Dziękuję przede wszystkim tym, którzy głosowali. Ale najserdeczniej dziękuję całemu wielkiemu, pospolitemu ruszeniu na rzecz polskiej wolności. 47 proc. to demokratyczne pospolite ruszenie w imię obrony naszej wolności, w imię powstrzymania fali nienawiści, agresji, którą wszyscy niedawno tak głęboko przeżywaliśmy. Tę falę nienawiści, agresji trzeba powstrzymać. To pospolite ruszenie może ją zatrzymać…
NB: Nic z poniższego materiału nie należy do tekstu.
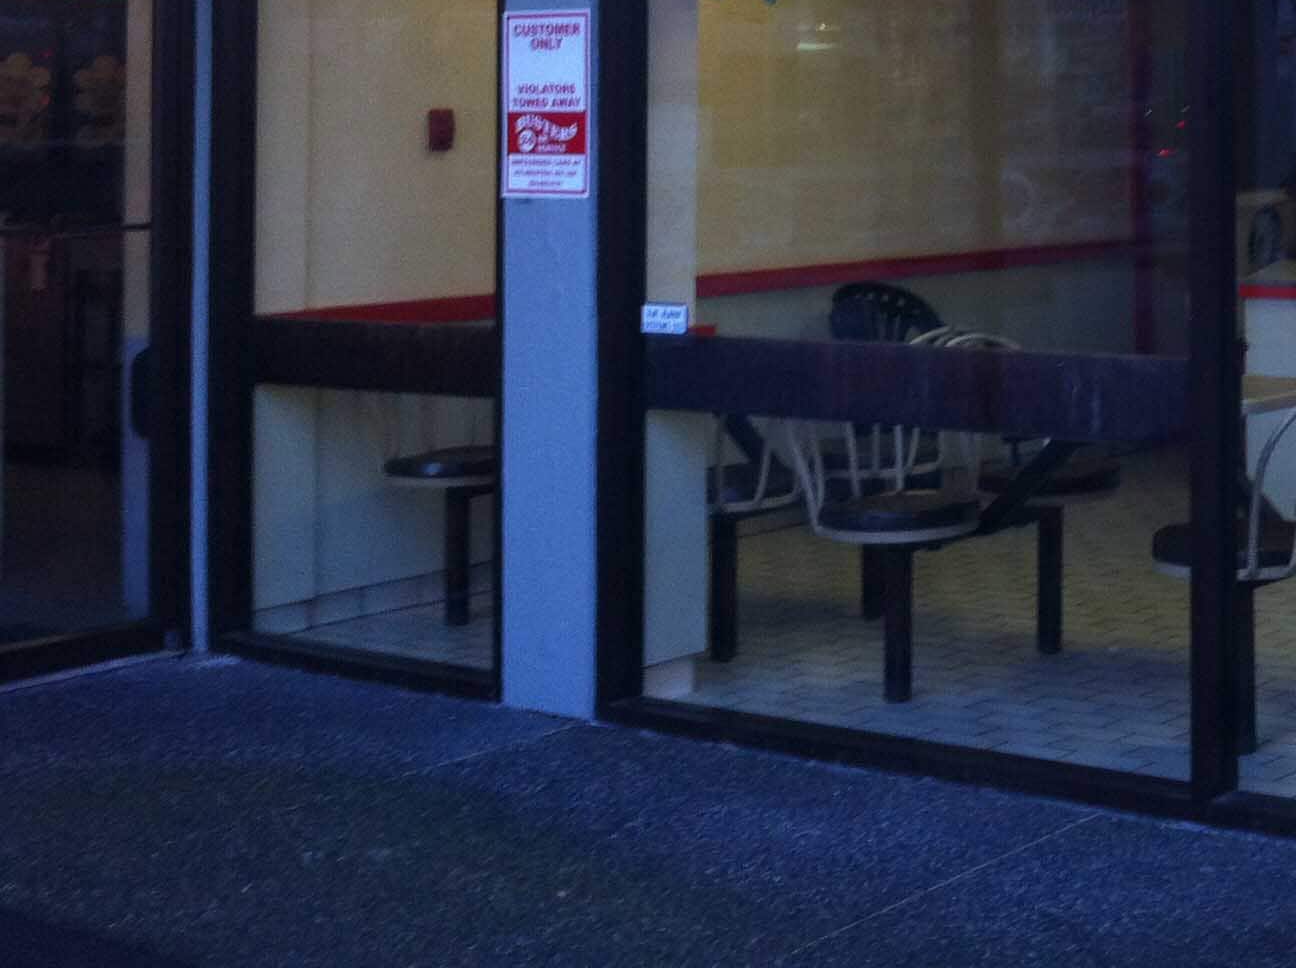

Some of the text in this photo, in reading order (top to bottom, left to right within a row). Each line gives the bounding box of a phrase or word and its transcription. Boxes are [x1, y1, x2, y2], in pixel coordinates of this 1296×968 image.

[513, 22, 581, 38] CUSTOMER
[530, 38, 563, 52] ONLY
[518, 83, 576, 95] VIOLATORS
[513, 96, 581, 108] TOWED AWAY
To wprost niewiarygodne, ile buty i arogancji można wyrazić w takiej chwili. Upadający prezydent obraził wszystkich, którzy głosowali na Andrzeja Dudę. To prawda, nie pierwszy raz, ale jakże wymownie obraził. „Fala nienawiści” i „agresja” to MY wszyscy, którzy składaliśmy podpisy pod odrzuconymi wnioskami referendalnymi, to MY wszyscy, którzy staliśmy przed Pałacem Prezydenckim w kwietniu 2010 roku a potem upominaliśmy się o PRAWDĘ o Smoleńsku, to MY wszyscy, dla których afery hazardowe i taśmowe, to było jak splunięcie w twarz,  to MY wszyscy, którzy tworzyliśmy dziesiątki a może setki organizacji i stowarzyszeń niegodzących się na polski wymiar niesprawiedliwości, to MY wszyscy, których Platforma Obywatelska chciała zepchnąć w polityczny i społeczny niebyt, wyzywając nas od bydła, to MY wszyscy, którzy wyjechaliśmy za pracą albo wegetowaliśmy bez zasiłków dla bezrobotnych, to MY wszyscy „faszyści”, którzy przychodziliśmy na Marsze Niepodległości, to MY wszyscy, do których POlicja strzelała gumowymi pociskami, wreszcie to MY wszyscy, którzy oddaliśmy w tych wyborach głosy na Brauna, Kowalskiego, Kukiza, Dudę…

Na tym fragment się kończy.